Before proceeding to the holding, three salient features stand out in John. First, the vehicle belonged to the defendant making it discoverable as property obtained from the defendant (CPL 240.20[1][f]; see, People v Brown, 104 Misc2d 157, 162-163, 427 NYS2d 722). Secondly, it was in the possession of the People. Third, it was destroyed by the People who auctioned it off. Notwithstanding this procedural posture, the holding was comparatively broad. The Fourth Department commenced by recognizing that [a] necessary corollary of the duty to disclose is the obligation to preserve evidence until a request for disclosure is made (People v Kelly, 62 NY2d 516, 520, 478 NYS2d 834, 467 NE2d 498), and thus "[t]he People have an affirmative obligation to preserve all discoverable evidence within their possession" (People v Hernandez, 285 AD2d 559, 727 NYS2d 899). Additionally, the court noted that there was a high degree of prosecutorial fault because the loss was intentional; the People auctioned off the vehicle before defendant was indicted, thereby precluding any discovery by defendant.

On the issue of the sanction to be imposed, the court observed that:

To determine the appropriate sanction, the trial court must consider a number of factors, including the significance of the missing evidence in the context of the available proof, and the degree of prosecutorial fault, particularly whether the loss was intentional or inadvertent (People v Pfahler, 179 AD2d 1062, 1063, 579 NYS2d 520; see, People v West, 203 AD2d 947, 948, 611 NYS2d 401, lv. denied 84 NY2d 834, 617 NYS2d 155, 641 NE2d 176; People v Okehoffurum, 201 AD2d 508, 509, 607 NYS2d 695, lv. denied 83 NY2d 913, 614 NYS2d 395, 637 NE2d 286, 83 NY2d 970, 616 NYS2d 23, 639 NE2d 763).


Recognizing that the vehicle was the only means through which the defendant could carry the day on the issue of the degree of tint, the court found the issue to be material.

Ultimately, however, the court found the error to be harmless:

Thus, the evidence of defendant's guilt is overwhelming, and there is no significant probability that defendant would have been acquitted but for the court's error in failing to impose sanctions such as a missing evidence charge (see, People v Crimmins, 36 NY2d 230, 242, 367 NYS2d 213, 326 NE2d 787).

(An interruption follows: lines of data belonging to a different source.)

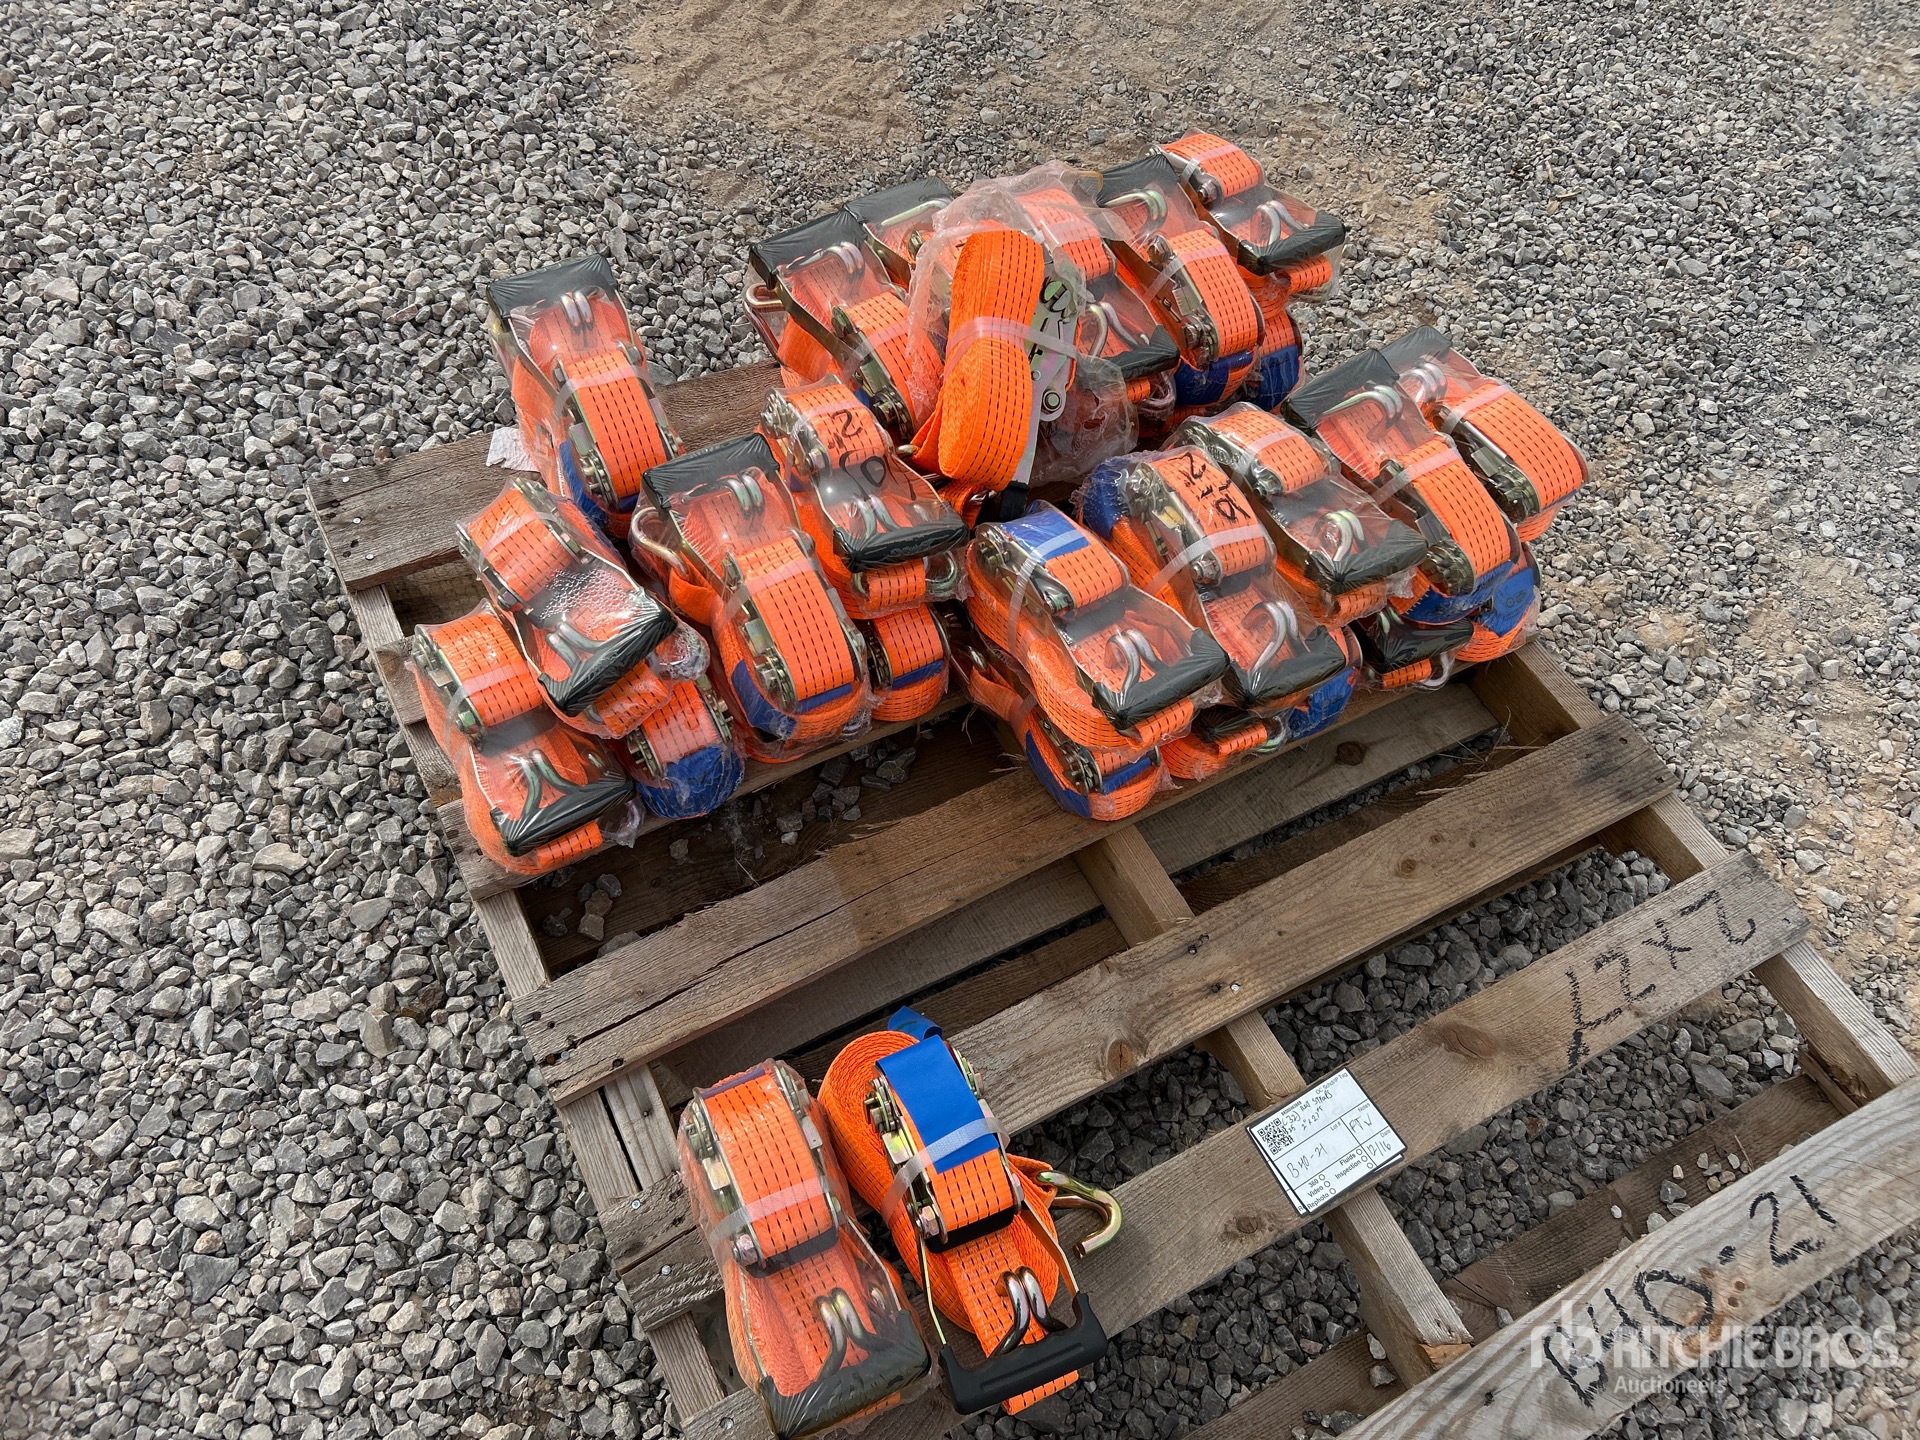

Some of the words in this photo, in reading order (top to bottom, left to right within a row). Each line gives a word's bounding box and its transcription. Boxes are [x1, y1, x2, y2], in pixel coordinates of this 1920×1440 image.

[1379, 1129, 1391, 1138] Date
[1339, 1153, 1357, 1167] Fluids
[1334, 1159, 1362, 1180] Inspection
[1307, 1185, 1324, 1198] Video
[1306, 1192, 1330, 1210] Rephoto
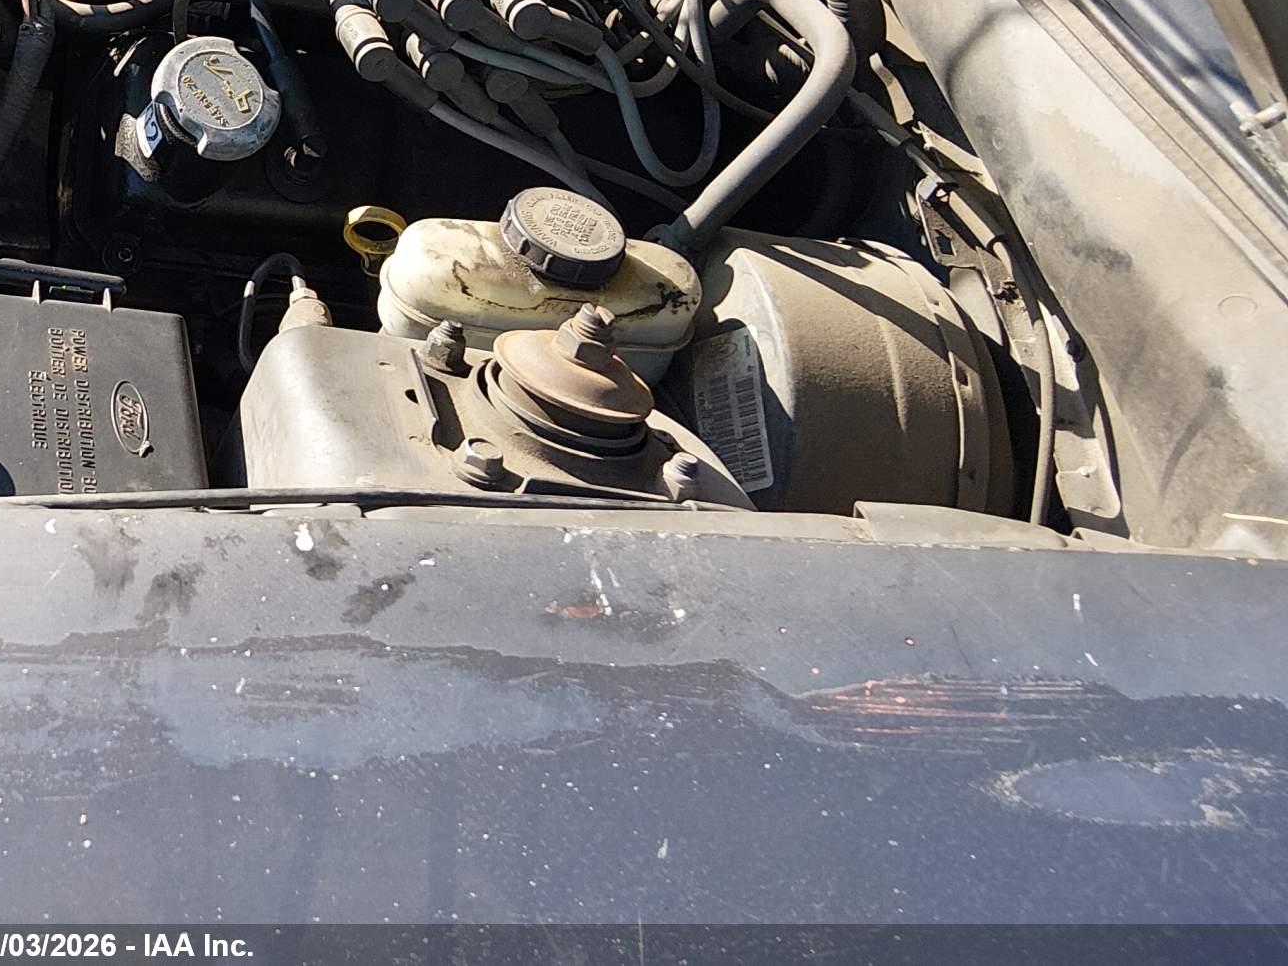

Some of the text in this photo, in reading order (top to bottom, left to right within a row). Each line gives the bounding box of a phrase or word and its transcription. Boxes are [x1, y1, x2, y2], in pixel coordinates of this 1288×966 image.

Another interesting issue in John, is that it is one more in an ongoing series of decisions which recognize the somewhat loosened standards for Miranda. Again, the decision is not specific, but it does set forth the argument raised by the defendant that the Miranda warnings were not recited verbatim. It went on to hold that:

Contrary to defendant's contention, Miranda warnings need not be recited verbatim; all that is required is that the "warnings given reasonably apprise[ ] the defendant of his rights" (People v Parker, 258 AD2d 479, 479-480, 682 NYS2d 922, lv. denied 93 NY2d 877, 689 NYS2d 439, 711 NE2d 653; see, People v Snider, 258 AD2d 929, 930, 685 NYS2d 538, lv. denied 93 NY2d 979, 695 NYS2d 65, 716 NE2d 1110).


[i].An outstanding explanation of the history and development of the Crush databases as well as interpreting damaged data can be found in Tumbas and Smith, "Measurement Protocol for Quantifying Vehicle Damage From an Energy Basis Point of View," Paper 880072 presented at the International Congress & Exposition, Detroit, Michigan, February, 1988.